In line with the Government’s plan, the National Economic Advisory Council (NEAC) has been set up to drive new growth strategies in transforming the economy and moving it up the value chain. High on the agenda of this special action council are the formulation of a high-income growth model and the promotion of domestic consumption as key economic driver. However, details of the plan are expected to be unveiled only before the year ends.

The director-general of the Institute for Strategic and International Studies Malaysia, Dr Mahani Zainal Abidin, who is one of nine experts appointed to head the NEAC, declined to provide any details of the proposed new economic model before the official announcement, as discussions among the council members are still ongoing.

But when asked what is the ideal model for Malaysia, she says, “balanced growth.”

“Being a small and open economy, we need international trade. We cannot just rely on domestic demand; otherwise, we cannot achieve high growth,” Mahani explains.

High ambition

Over the week, Prime Minister Datuk Seri Najib Tun Razak said Malaysia needed to achieve high growth rates of more than 8% annually for the next 10 years to realise its Vision 2020 to become a developed nation.

“Anything less will delay our goal of attaining it,” Najib, who is also the Finance Minister, said.
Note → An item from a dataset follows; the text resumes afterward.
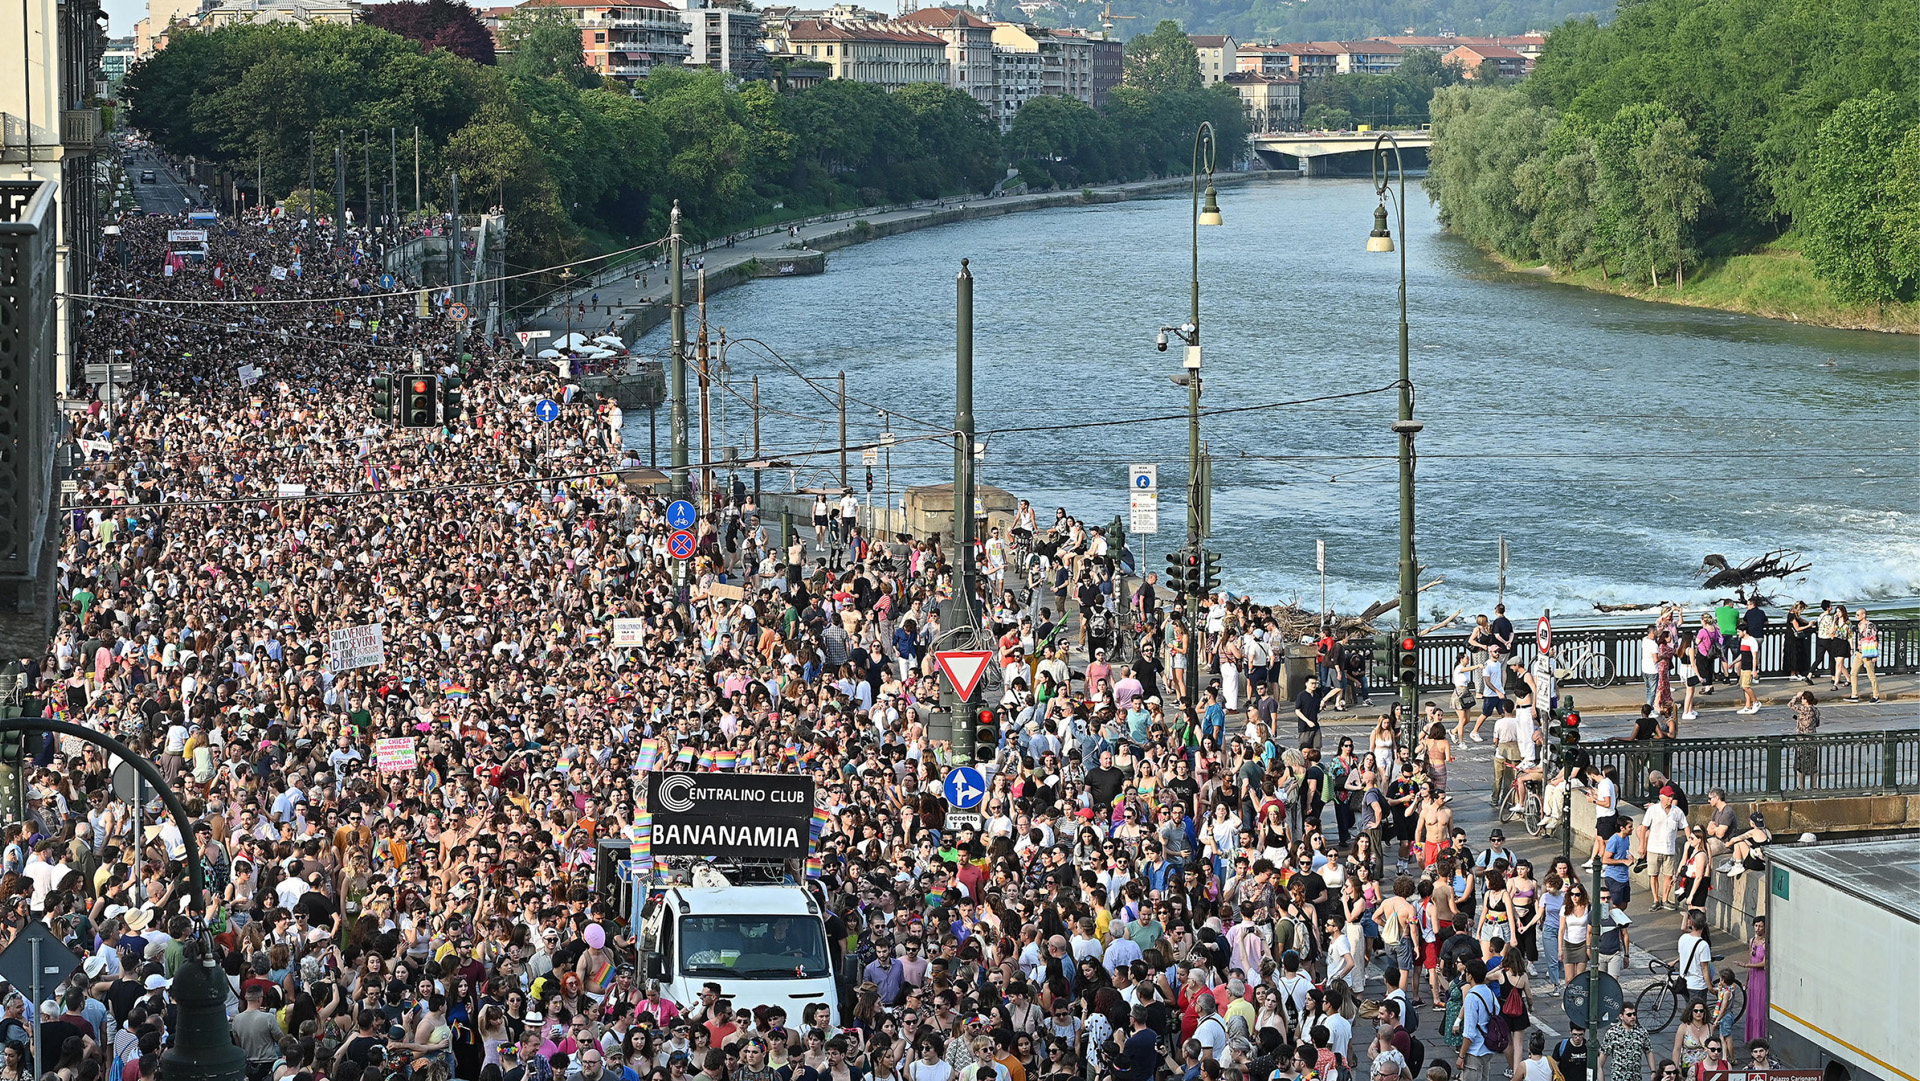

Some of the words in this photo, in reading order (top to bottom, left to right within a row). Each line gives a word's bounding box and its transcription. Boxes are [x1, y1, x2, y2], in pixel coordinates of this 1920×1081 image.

According to the World Bank’s definition, Malaysia falls under the category of an upper middle-income group based on its gross national income (GNI) per capita of US$6,540 last year. A high-income nation is defined as one with GNI per capita of more than US$11,905.

The goal set by the Prime Minister seems like a tough feat, especially since the world is still recovering from a major slump. But what’s more important, according to economists, is that the country needs to make the right strategies to counter the future challenges in an uncertain world.

ASLI-Centre of Public Policy Studies chairman Tan Sri Ramon Navaratnam, for one, reckons that there are many ways that Malaysia could make itself stronger and more competitive to face the challenging road ahead. But he says that would involve the Government making some brave and drastic changes for the betterment of the country as a whole.

“The new model should strive for growth and income distribution to benefit the society as a whole and not the privileged few. Just aim for that strategic goal and all the strategic issues will fall into place, and we will succeed,” he explains.

“The question is, do we have the political will strong enough to make changes,” he adds.

“Any kind of dynamic change will definitely hurt certain quarters,” says Malaysian Institute of Economic Research executive director Prof Datuk Dr Mohamed Ariff Abdul Kareem.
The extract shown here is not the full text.